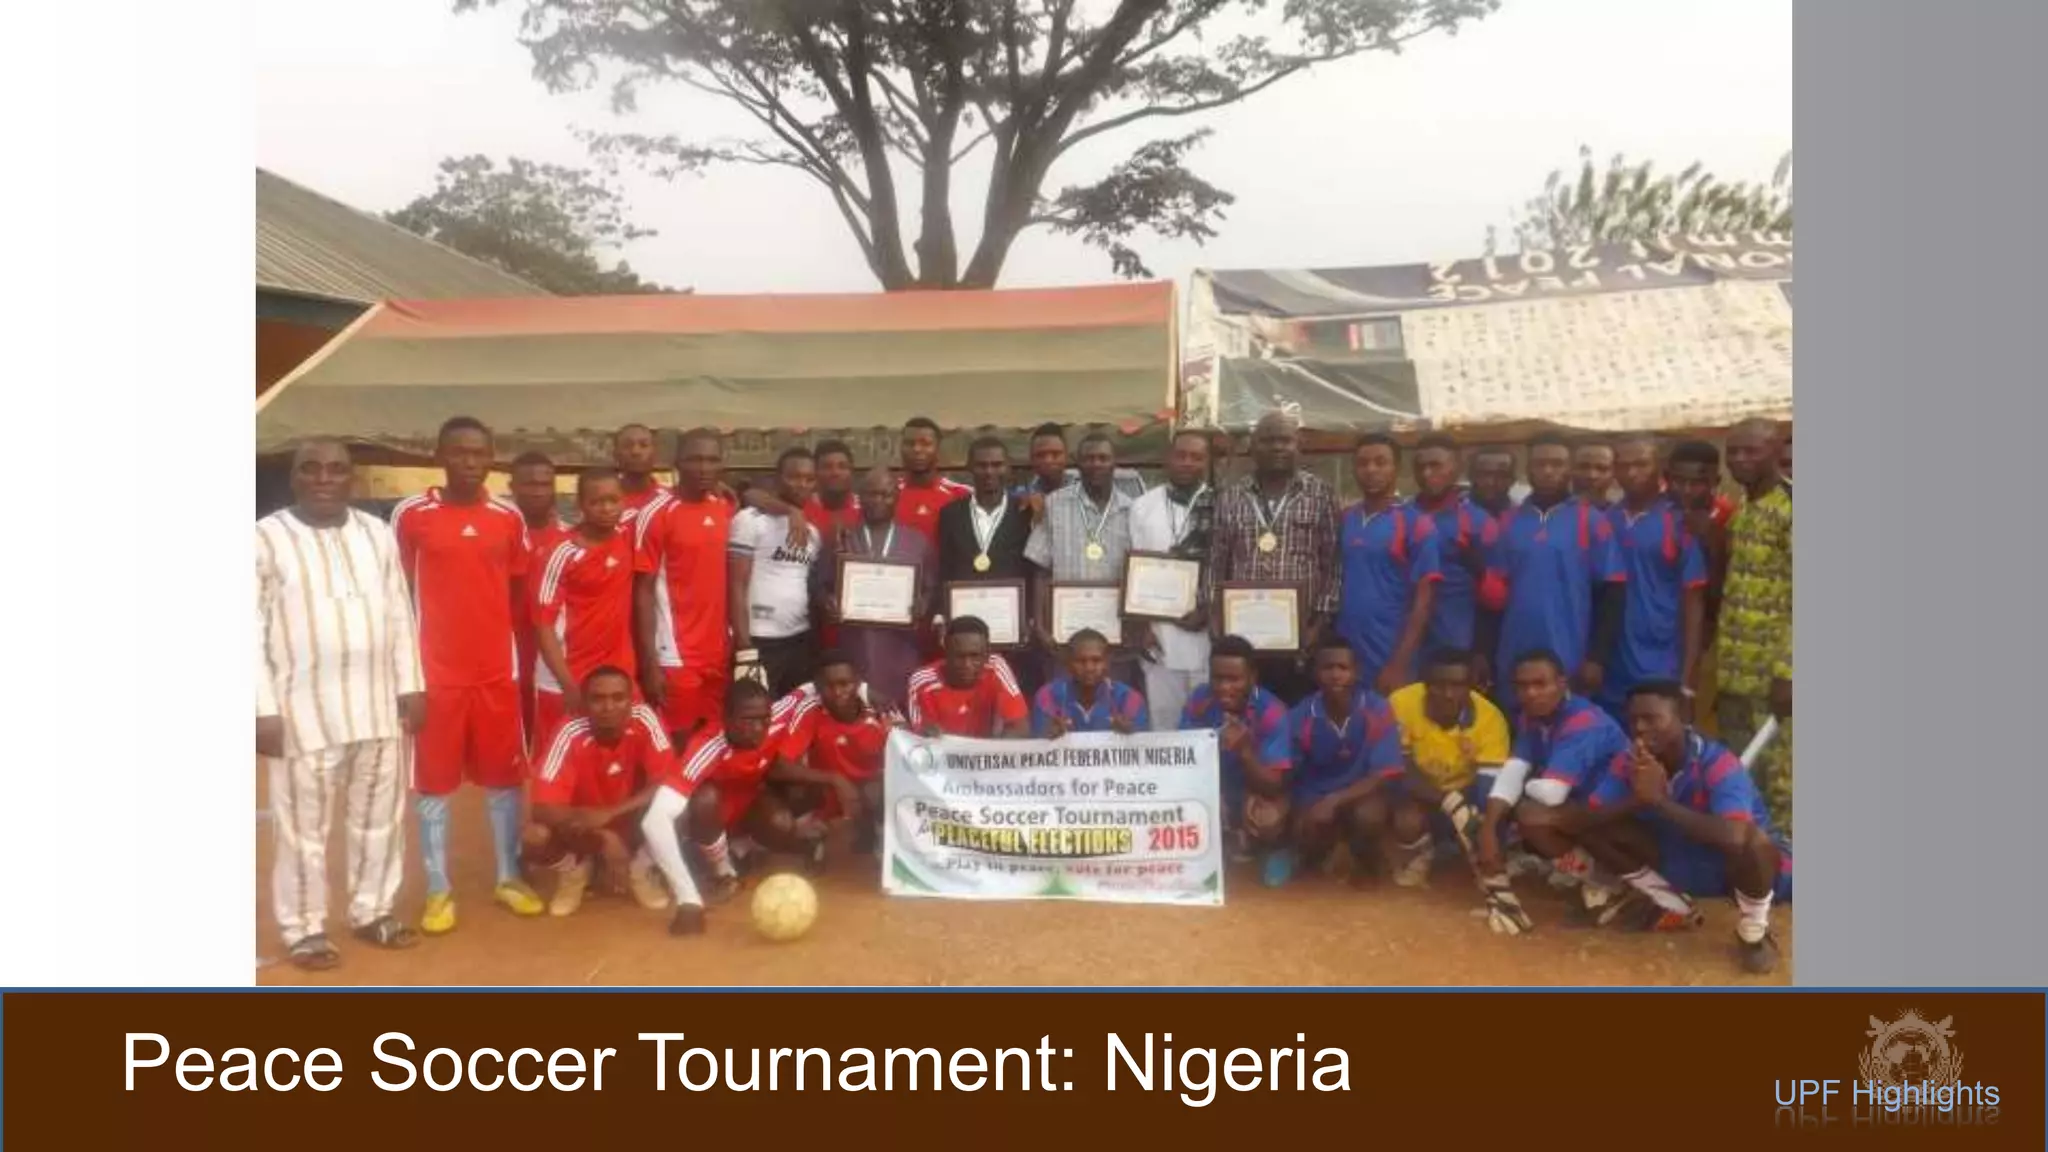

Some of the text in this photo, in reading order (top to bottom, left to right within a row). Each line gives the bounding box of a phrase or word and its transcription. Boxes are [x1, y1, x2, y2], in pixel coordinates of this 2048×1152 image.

[1427, 249, 1792, 301] ONAL PEACE
[945, 746, 1197, 771] UNIVERSAL PEACE FEDERATION NIGERIA
[943, 776, 1159, 797] Ambassadors for Peace
[915, 801, 1184, 826] Peace Soccer Tournament
[1030, 827, 1133, 855] ELECTIONS
[1147, 823, 1200, 851] 2015

Your objective ::
Give all entries again verbatim, without any images.

Result for this exercise ::
Some of the text in this photo, in reading order (top to bottom, left to right within a row). Each line gives the bounding box of a phrase or word and its transcription. Boxes are [x1, y1, x2, y2], in pixel coordinates of this 2048×1152 image.

[1427, 249, 1792, 301] ONAL PEACE
[945, 746, 1197, 771] UNIVERSAL PEACE FEDERATION NIGERIA
[943, 776, 1159, 797] Ambassadors for Peace
[915, 801, 1184, 826] Peace Soccer Tournament
[1030, 827, 1133, 855] ELECTIONS
[1147, 823, 1200, 851] 2015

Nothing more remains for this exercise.